> [Task brief]: Copy every entry precisely.

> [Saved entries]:
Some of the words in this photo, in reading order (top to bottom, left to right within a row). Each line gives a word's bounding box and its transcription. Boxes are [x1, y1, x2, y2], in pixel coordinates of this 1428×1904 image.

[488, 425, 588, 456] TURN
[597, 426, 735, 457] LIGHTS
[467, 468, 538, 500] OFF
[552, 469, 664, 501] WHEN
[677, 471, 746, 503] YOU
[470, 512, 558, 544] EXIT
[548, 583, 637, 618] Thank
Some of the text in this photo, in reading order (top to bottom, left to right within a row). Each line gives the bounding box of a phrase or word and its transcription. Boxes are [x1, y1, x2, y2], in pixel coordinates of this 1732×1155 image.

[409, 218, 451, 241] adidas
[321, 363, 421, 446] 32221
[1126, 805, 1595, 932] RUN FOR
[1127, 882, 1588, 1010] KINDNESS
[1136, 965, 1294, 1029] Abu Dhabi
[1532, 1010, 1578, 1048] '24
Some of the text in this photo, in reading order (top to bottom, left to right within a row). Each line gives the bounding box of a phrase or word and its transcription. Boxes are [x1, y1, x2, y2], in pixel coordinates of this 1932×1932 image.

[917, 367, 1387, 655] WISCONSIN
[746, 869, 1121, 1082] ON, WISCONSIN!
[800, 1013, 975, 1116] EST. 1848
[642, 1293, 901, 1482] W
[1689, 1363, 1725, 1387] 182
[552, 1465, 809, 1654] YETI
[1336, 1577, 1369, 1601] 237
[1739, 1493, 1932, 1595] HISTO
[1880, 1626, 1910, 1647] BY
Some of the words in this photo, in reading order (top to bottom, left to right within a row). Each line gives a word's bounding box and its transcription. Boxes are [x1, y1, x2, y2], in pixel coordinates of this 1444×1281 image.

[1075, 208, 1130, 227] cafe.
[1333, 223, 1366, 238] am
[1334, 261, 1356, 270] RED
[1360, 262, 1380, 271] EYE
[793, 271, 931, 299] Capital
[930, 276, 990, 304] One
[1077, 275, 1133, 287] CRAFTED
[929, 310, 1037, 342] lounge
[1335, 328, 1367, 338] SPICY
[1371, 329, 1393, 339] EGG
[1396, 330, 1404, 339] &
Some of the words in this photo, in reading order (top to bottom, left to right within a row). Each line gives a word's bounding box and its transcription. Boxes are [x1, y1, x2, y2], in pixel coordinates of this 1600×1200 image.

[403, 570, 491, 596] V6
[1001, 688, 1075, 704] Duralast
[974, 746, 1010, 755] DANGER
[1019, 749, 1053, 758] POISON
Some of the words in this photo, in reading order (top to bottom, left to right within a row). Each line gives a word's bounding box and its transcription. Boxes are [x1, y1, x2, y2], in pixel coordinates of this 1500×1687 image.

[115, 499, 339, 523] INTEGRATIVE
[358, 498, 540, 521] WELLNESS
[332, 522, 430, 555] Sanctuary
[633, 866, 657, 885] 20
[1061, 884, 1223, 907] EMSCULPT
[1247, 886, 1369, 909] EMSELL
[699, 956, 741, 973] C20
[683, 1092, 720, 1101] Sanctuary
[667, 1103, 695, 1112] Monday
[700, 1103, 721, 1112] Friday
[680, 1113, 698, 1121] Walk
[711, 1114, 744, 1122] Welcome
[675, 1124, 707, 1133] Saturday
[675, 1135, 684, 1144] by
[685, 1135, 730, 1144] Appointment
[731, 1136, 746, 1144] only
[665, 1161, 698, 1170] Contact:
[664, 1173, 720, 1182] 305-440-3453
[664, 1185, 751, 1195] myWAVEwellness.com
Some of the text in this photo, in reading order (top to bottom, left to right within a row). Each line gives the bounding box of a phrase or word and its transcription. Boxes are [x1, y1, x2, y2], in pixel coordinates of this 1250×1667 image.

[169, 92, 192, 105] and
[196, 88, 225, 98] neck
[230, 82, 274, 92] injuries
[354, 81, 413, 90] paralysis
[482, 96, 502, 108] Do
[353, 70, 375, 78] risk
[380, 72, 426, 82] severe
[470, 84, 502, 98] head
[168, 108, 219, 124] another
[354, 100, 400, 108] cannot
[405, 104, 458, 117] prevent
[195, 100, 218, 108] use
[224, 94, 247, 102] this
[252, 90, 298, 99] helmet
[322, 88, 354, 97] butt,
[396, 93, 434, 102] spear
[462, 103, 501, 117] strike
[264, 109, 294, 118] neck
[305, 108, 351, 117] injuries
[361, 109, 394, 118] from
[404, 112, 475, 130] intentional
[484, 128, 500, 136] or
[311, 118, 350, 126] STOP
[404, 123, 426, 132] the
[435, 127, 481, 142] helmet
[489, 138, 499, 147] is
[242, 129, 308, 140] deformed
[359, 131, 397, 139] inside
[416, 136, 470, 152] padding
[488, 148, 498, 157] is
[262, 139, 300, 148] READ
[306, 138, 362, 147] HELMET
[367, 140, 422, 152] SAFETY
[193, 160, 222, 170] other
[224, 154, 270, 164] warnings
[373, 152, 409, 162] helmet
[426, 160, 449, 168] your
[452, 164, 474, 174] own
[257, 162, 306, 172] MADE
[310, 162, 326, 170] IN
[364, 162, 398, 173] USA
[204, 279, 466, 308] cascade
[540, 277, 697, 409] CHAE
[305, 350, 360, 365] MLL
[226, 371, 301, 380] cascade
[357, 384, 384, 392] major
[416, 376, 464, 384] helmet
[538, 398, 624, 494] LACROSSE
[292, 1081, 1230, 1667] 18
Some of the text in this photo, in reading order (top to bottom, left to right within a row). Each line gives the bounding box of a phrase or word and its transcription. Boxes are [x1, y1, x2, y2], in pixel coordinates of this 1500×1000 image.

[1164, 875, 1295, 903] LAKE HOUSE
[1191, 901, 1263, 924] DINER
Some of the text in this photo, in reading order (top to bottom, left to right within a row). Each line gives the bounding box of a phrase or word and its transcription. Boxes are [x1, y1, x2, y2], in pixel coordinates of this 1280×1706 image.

> [Exercise response]:
Some of the words in this photo, in reading order (top to bottom, left to right within a row). Each line gives a word's bounding box and its transcription. Boxes are [x1, y1, x2, y2], in pixel coordinates of this 1428×1904 image.

[488, 425, 588, 456] TURN
[597, 426, 735, 457] LIGHTS
[467, 468, 538, 500] OFF
[552, 469, 664, 501] WHEN
[677, 471, 746, 503] YOU
[470, 512, 558, 544] EXIT
[548, 583, 637, 618] Thank
Some of the text in this photo, in reading order (top to bottom, left to right within a row). Each line gives the bounding box of a phrase or word and its transcription. Boxes are [x1, y1, x2, y2], in pixel coordinates of this 1732×1155 image.

[409, 218, 451, 241] adidas
[321, 363, 421, 446] 32221
[1126, 805, 1595, 932] RUN FOR
[1127, 882, 1588, 1010] KINDNESS
[1136, 965, 1294, 1029] Abu Dhabi
[1532, 1010, 1578, 1048] '24
Some of the text in this photo, in reading order (top to bottom, left to right within a row). Each line gives the bounding box of a phrase or word and its transcription. Boxes are [x1, y1, x2, y2], in pixel coordinates of this 1932×1932 image.

[917, 367, 1387, 655] WISCONSIN
[746, 869, 1121, 1082] ON, WISCONSIN!
[800, 1013, 975, 1116] EST. 1848
[642, 1293, 901, 1482] W
[1689, 1363, 1725, 1387] 182
[552, 1465, 809, 1654] YETI
[1336, 1577, 1369, 1601] 237
[1739, 1493, 1932, 1595] HISTO
[1880, 1626, 1910, 1647] BY
Some of the words in this photo, in reading order (top to bottom, left to right within a row). Each line gives a word's bounding box and its transcription. Boxes are [x1, y1, x2, y2], in pixel coordinates of this 1444×1281 image.

[1075, 208, 1130, 227] cafe.
[1333, 223, 1366, 238] am
[1334, 261, 1356, 270] RED
[1360, 262, 1380, 271] EYE
[793, 271, 931, 299] Capital
[930, 276, 990, 304] One
[1077, 275, 1133, 287] CRAFTED
[929, 310, 1037, 342] lounge
[1335, 328, 1367, 338] SPICY
[1371, 329, 1393, 339] EGG
[1396, 330, 1404, 339] &
Some of the words in this photo, in reading order (top to bottom, left to right within a row). Each line gives a word's bounding box and its transcription. Boxes are [x1, y1, x2, y2], in pixel coordinates of this 1600×1200 image.

[403, 570, 491, 596] V6
[1001, 688, 1075, 704] Duralast
[974, 746, 1010, 755] DANGER
[1019, 749, 1053, 758] POISON
Some of the words in this photo, in reading order (top to bottom, left to right within a row). Each line gives a word's bounding box and its transcription. Boxes are [x1, y1, x2, y2], in pixel coordinates of this 1500×1687 image.

[115, 499, 339, 523] INTEGRATIVE
[358, 498, 540, 521] WELLNESS
[332, 522, 430, 555] Sanctuary
[633, 866, 657, 885] 20
[1061, 884, 1223, 907] EMSCULPT
[1247, 886, 1369, 909] EMSELL
[699, 956, 741, 973] C20
[683, 1092, 720, 1101] Sanctuary
[667, 1103, 695, 1112] Monday
[700, 1103, 721, 1112] Friday
[680, 1113, 698, 1121] Walk
[711, 1114, 744, 1122] Welcome
[675, 1124, 707, 1133] Saturday
[675, 1135, 684, 1144] by
[685, 1135, 730, 1144] Appointment
[731, 1136, 746, 1144] only
[665, 1161, 698, 1170] Contact:
[664, 1173, 720, 1182] 305-440-3453
[664, 1185, 751, 1195] myWAVEwellness.com
Some of the text in this photo, in reading order (top to bottom, left to right within a row). Each line gives the bounding box of a phrase or word and its transcription. Boxes are [x1, y1, x2, y2], in pixel coordinates of this 1250×1667 image.

[169, 92, 192, 105] and
[196, 88, 225, 98] neck
[230, 82, 274, 92] injuries
[354, 81, 413, 90] paralysis
[482, 96, 502, 108] Do
[353, 70, 375, 78] risk
[380, 72, 426, 82] severe
[470, 84, 502, 98] head
[168, 108, 219, 124] another
[354, 100, 400, 108] cannot
[405, 104, 458, 117] prevent
[195, 100, 218, 108] use
[224, 94, 247, 102] this
[252, 90, 298, 99] helmet
[322, 88, 354, 97] butt,
[396, 93, 434, 102] spear
[462, 103, 501, 117] strike
[264, 109, 294, 118] neck
[305, 108, 351, 117] injuries
[361, 109, 394, 118] from
[404, 112, 475, 130] intentional
[484, 128, 500, 136] or
[311, 118, 350, 126] STOP
[404, 123, 426, 132] the
[435, 127, 481, 142] helmet
[489, 138, 499, 147] is
[242, 129, 308, 140] deformed
[359, 131, 397, 139] inside
[416, 136, 470, 152] padding
[488, 148, 498, 157] is
[262, 139, 300, 148] READ
[306, 138, 362, 147] HELMET
[367, 140, 422, 152] SAFETY
[193, 160, 222, 170] other
[224, 154, 270, 164] warnings
[373, 152, 409, 162] helmet
[426, 160, 449, 168] your
[452, 164, 474, 174] own
[257, 162, 306, 172] MADE
[310, 162, 326, 170] IN
[364, 162, 398, 173] USA
[204, 279, 466, 308] cascade
[540, 277, 697, 409] CHAE
[305, 350, 360, 365] MLL
[226, 371, 301, 380] cascade
[357, 384, 384, 392] major
[416, 376, 464, 384] helmet
[538, 398, 624, 494] LACROSSE
[292, 1081, 1230, 1667] 18
Some of the text in this photo, in reading order (top to bottom, left to right within a row). Each line gives the bounding box of a phrase or word and its transcription. Boxes are [x1, y1, x2, y2], in pixel coordinates of this 1500×1000 image.

[1164, 875, 1295, 903] LAKE HOUSE
[1191, 901, 1263, 924] DINER
Some of the text in this photo, in reading order (top to bottom, left to right within a row). Each line gives the bounding box of a phrase or word and its transcription. Boxes are [x1, y1, x2, y2], in pixel coordinates of this 1280×1706 image.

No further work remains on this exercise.